DPM2010 scalability and "collocation and autogrow" features

Why the hassle about 300 data sources, the ‘LDM limit’ thing and where do new DPM2010 options “collocation” and “autogrow” come into play? The magic ‘300’ is a chosen limit that derives from the Logical Disk Manager number of volumes that can coexist on a Windows system. Note that DPM requires 2 volumes to protect […]
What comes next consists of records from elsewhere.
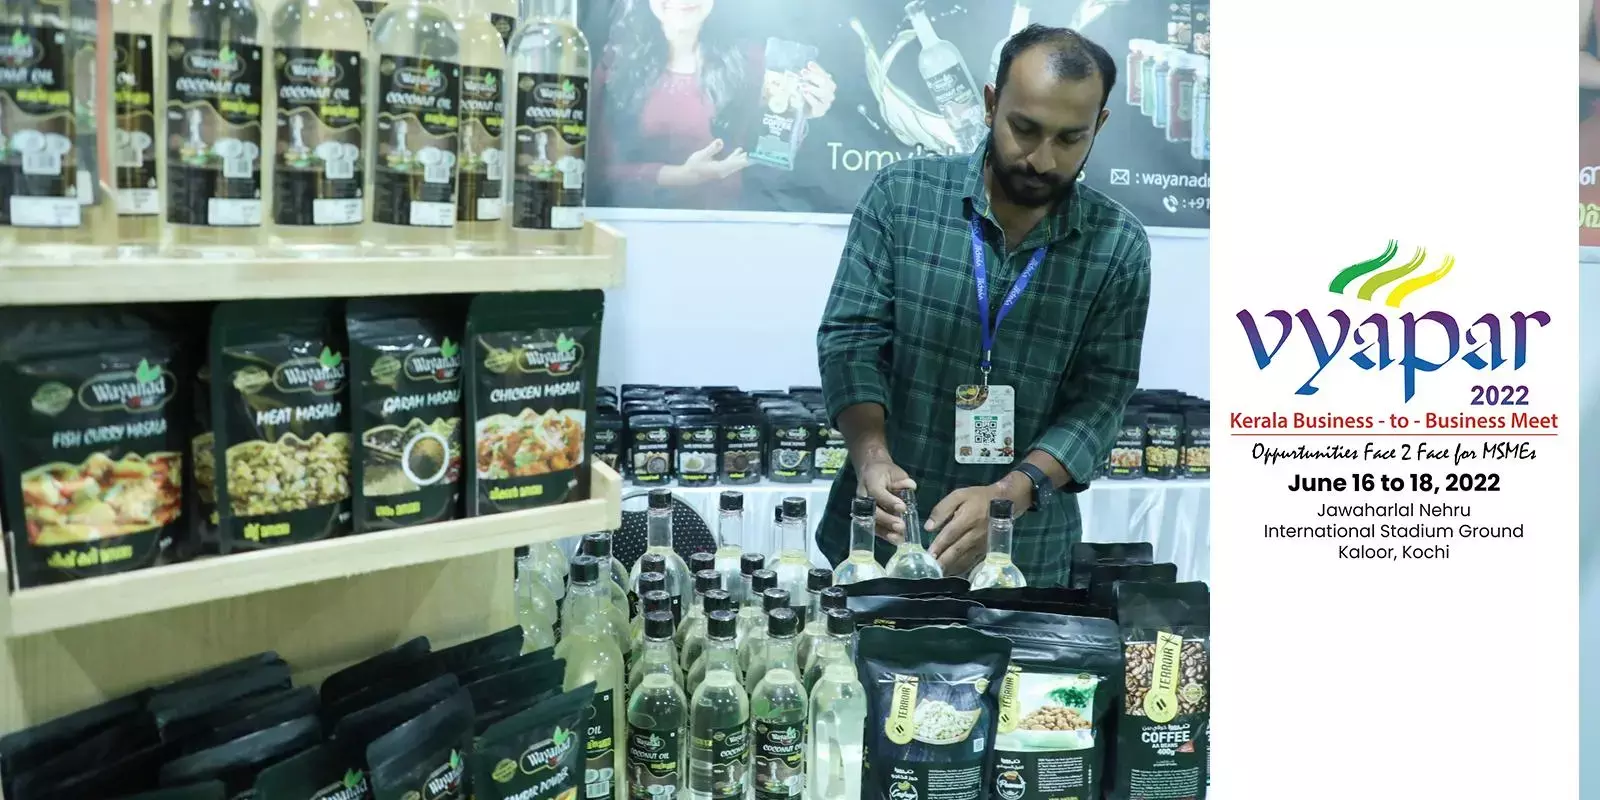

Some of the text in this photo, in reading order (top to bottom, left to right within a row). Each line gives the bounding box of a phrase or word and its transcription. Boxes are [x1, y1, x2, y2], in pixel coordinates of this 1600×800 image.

[526, 348, 576, 367] Wayanad
[284, 362, 345, 385] Wayanad
[92, 378, 166, 403] Wayanad
[490, 380, 581, 402] CHICKEN MASALA
[256, 402, 342, 426] MEAT MASALA
[52, 418, 167, 449] FISH CURRY MASALA
[1159, 647, 1174, 690] TERROIR
[897, 687, 911, 719] TERROIR
[1002, 676, 1014, 709] TERROIR
[587, 725, 603, 736] OIL
[1141, 730, 1191, 743] COFFEE
[527, 736, 571, 767] Wayanad
[763, 744, 793, 753] COCONUT
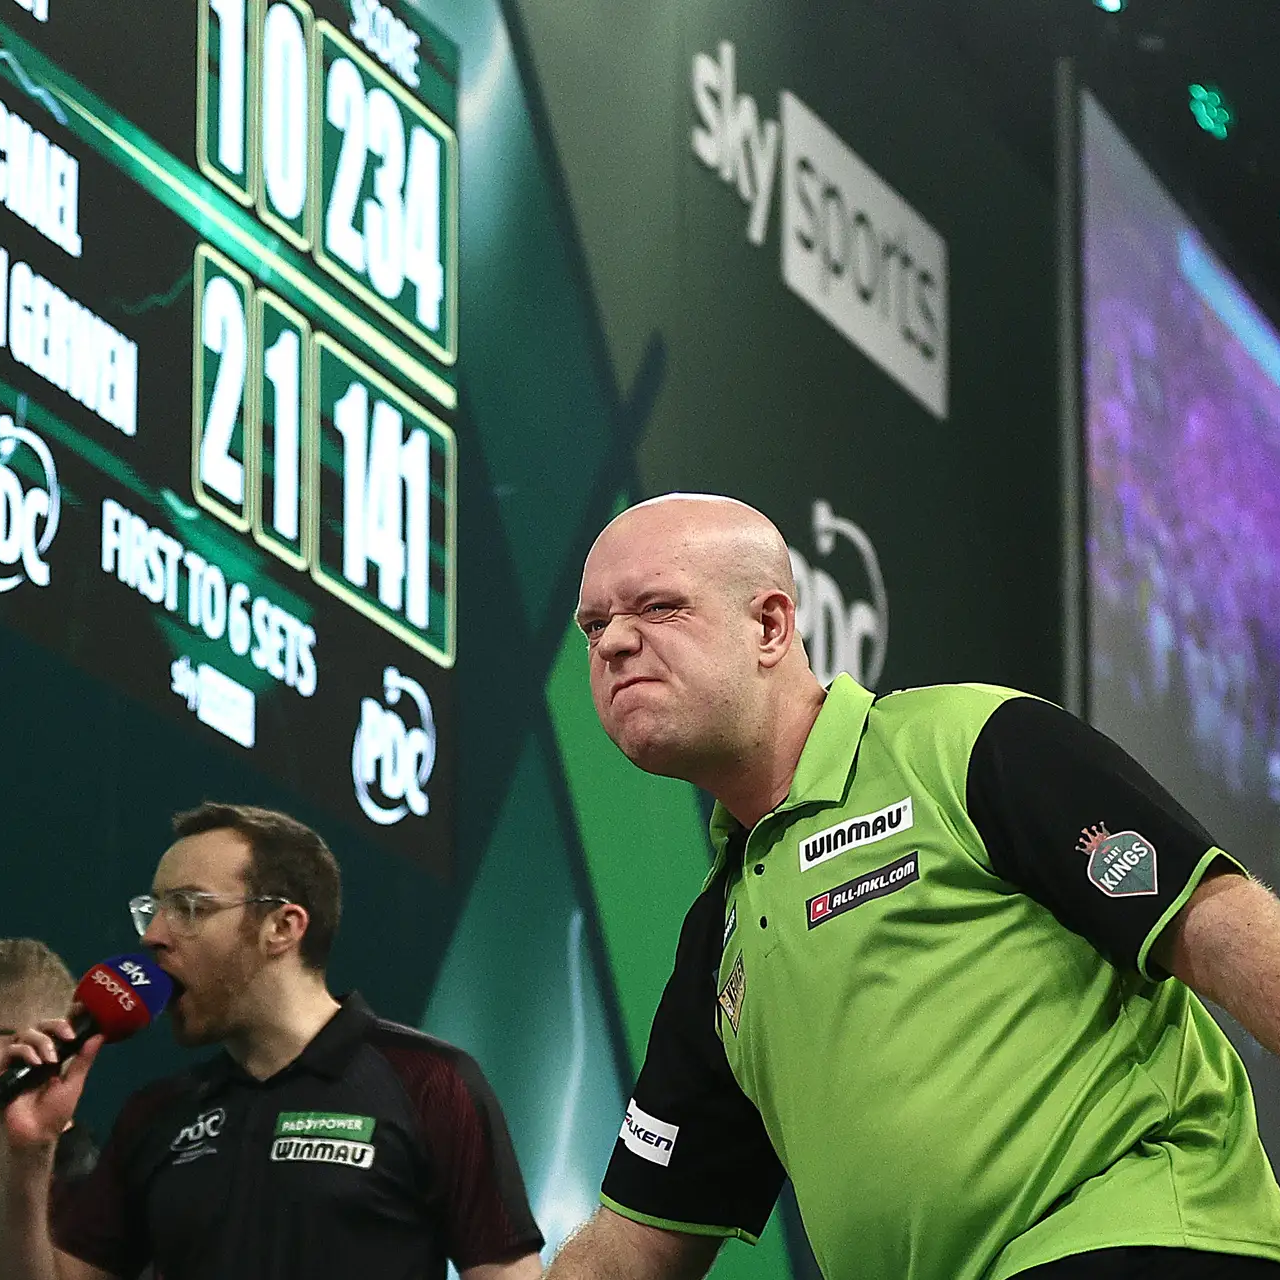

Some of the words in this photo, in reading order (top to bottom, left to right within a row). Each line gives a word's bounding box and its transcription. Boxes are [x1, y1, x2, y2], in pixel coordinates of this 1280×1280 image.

[326, 58, 444, 332] 234
[692, 39, 780, 246] sky
[793, 154, 938, 363] sports
[9, 261, 138, 437] GERWEN
[201, 276, 248, 504] 2
[334, 382, 430, 628] 141
[100, 498, 184, 612] FIRST
[183, 550, 228, 640] TO
[228, 581, 251, 656] 6
[250, 596, 318, 698] SETS
[358, 696, 431, 817] PDC
[804, 807, 902, 862] WINMAU
[1103, 846, 1122, 865] DART
[832, 860, 915, 908] ALL-INKL.COM
[1099, 842, 1148, 892] KINGS
[91, 970, 136, 1011] sports
[118, 960, 151, 986] sky
[281, 1118, 364, 1132] PADDYPOWER
[275, 1142, 369, 1165] WINMAU
Why the hassle about 300 data sources, the ‘LDM limit’ thing and where do new DPM2010 options “collocation” and “autogrow” come into play? The magic ‘300’ is a chosen limit that derives from the Logical Disk Manager number of volumes that can coexist on a Windows system. Note that DPM requires 2 volumes to protect a data source, 1 for replica and 1 for recovery point volume. This means if we max out a supportable DPM server on this aspect there’ll be at least 600 volumes on system. LDM has a fixed size data structure (the ldm database) with records to define volumes that occupy at least 1 ‘slot’ and sometimes 2. To cut short, there’re 2960 slots available and each new volume requires 3 or 4 slots and 1 more for each time a volume is extended. Wait a minute, with 300 data sources requiring 600 volumes, that consumes 1800 out of 2960. In other words; you cannot extend all replicas and recovery point volumes twice on a maximum configuration. Not that this’s likely to occur but chances increase with DPM2010 as we’ll see[…]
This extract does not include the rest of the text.